··· TASK MATERIAL ···

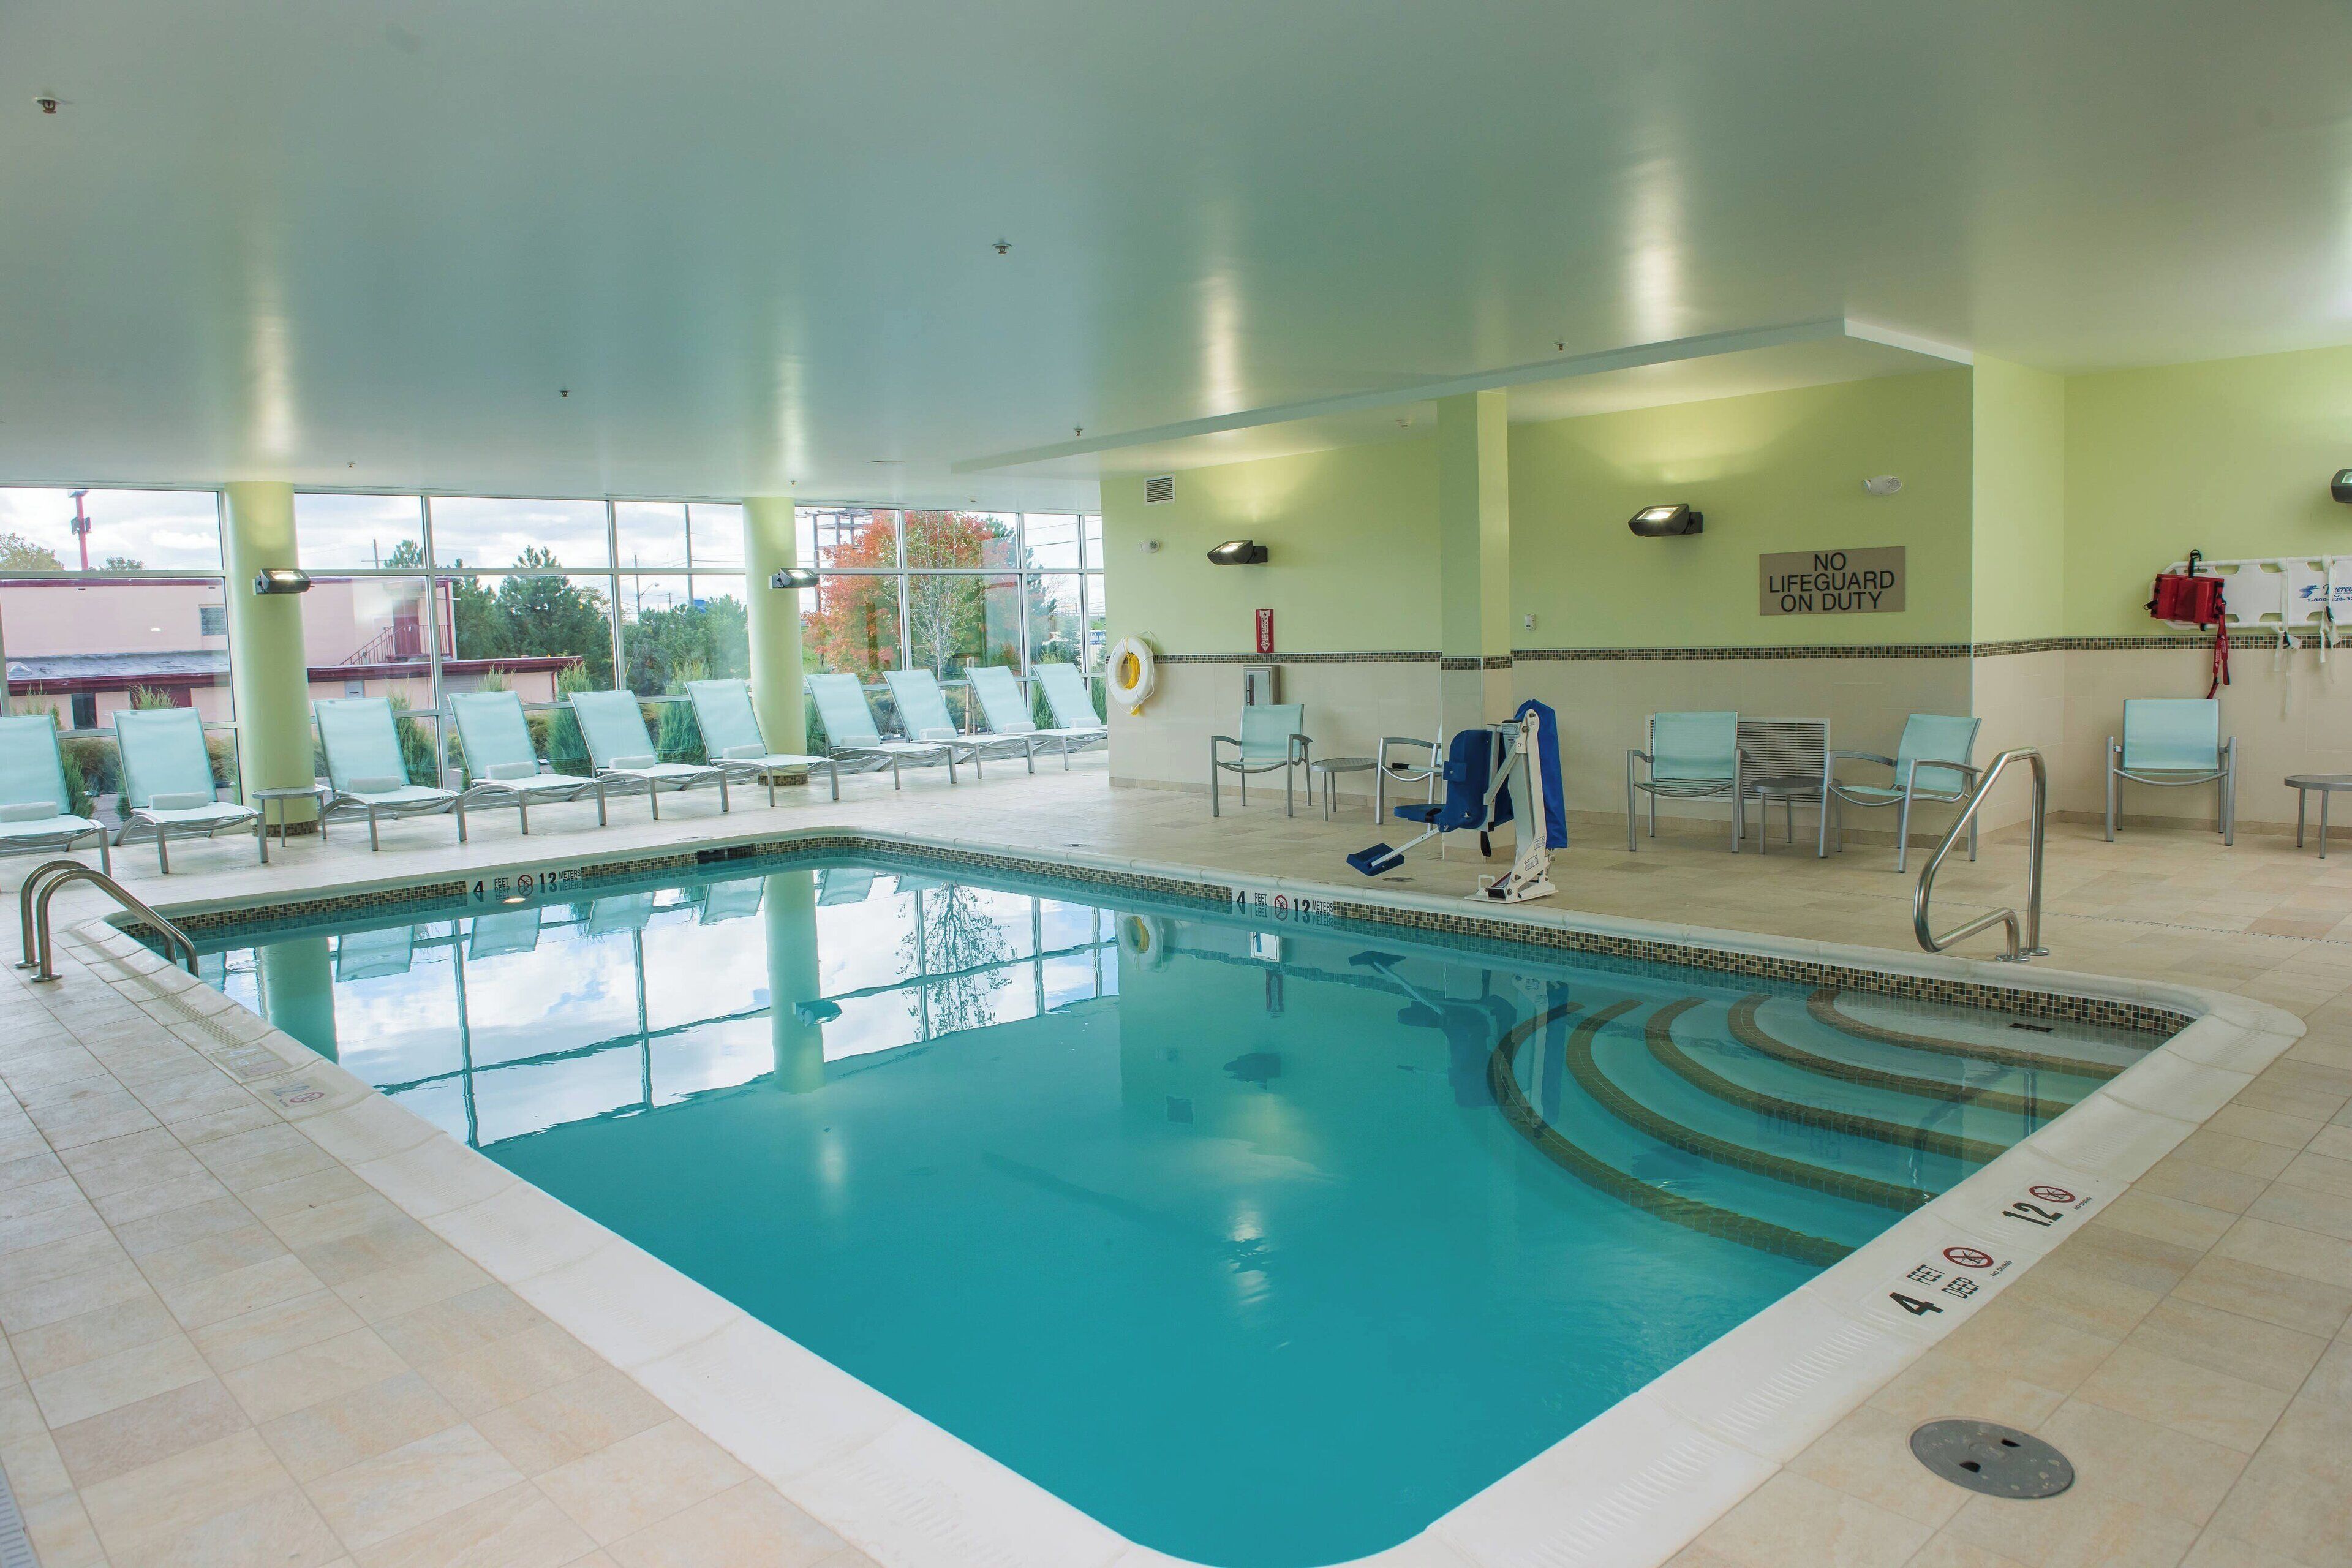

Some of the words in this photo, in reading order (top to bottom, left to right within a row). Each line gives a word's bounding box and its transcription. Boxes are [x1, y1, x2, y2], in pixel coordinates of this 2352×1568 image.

[1814, 552, 1847, 571] NO
[1769, 570, 1895, 593] LIFEGUARD
[1781, 594, 1812, 612] ON
[1822, 591, 1882, 611] DUTY
[559, 869, 581, 879] METERS
[473, 880, 484, 892] 4
[494, 877, 509, 886] FEET
[1237, 891, 1246, 903] 4
[1254, 892, 1267, 903] FEET
[1312, 900, 1333, 913] METERS
[1997, 1260, 2013, 1272] DIVING
[1906, 1264, 1945, 1286] FEET
[1941, 1276, 1980, 1299] DEEP
[1889, 1292, 1944, 1316] 4

···

_PROMPT_:
Quote all the records verbatim, dropping any pictures from your copy.

_WORKED SOLUTION_:
Some of the words in this photo, in reading order (top to bottom, left to right within a row). Each line gives a word's bounding box and its transcription. Boxes are [x1, y1, x2, y2], in pixel coordinates of this 2352×1568 image.

[1814, 552, 1847, 571] NO
[1769, 570, 1895, 593] LIFEGUARD
[1781, 594, 1812, 612] ON
[1822, 591, 1882, 611] DUTY
[559, 869, 581, 879] METERS
[473, 880, 484, 892] 4
[494, 877, 509, 886] FEET
[1237, 891, 1246, 903] 4
[1254, 892, 1267, 903] FEET
[1312, 900, 1333, 913] METERS
[1997, 1260, 2013, 1272] DIVING
[1906, 1264, 1945, 1286] FEET
[1941, 1276, 1980, 1299] DEEP
[1889, 1292, 1944, 1316] 4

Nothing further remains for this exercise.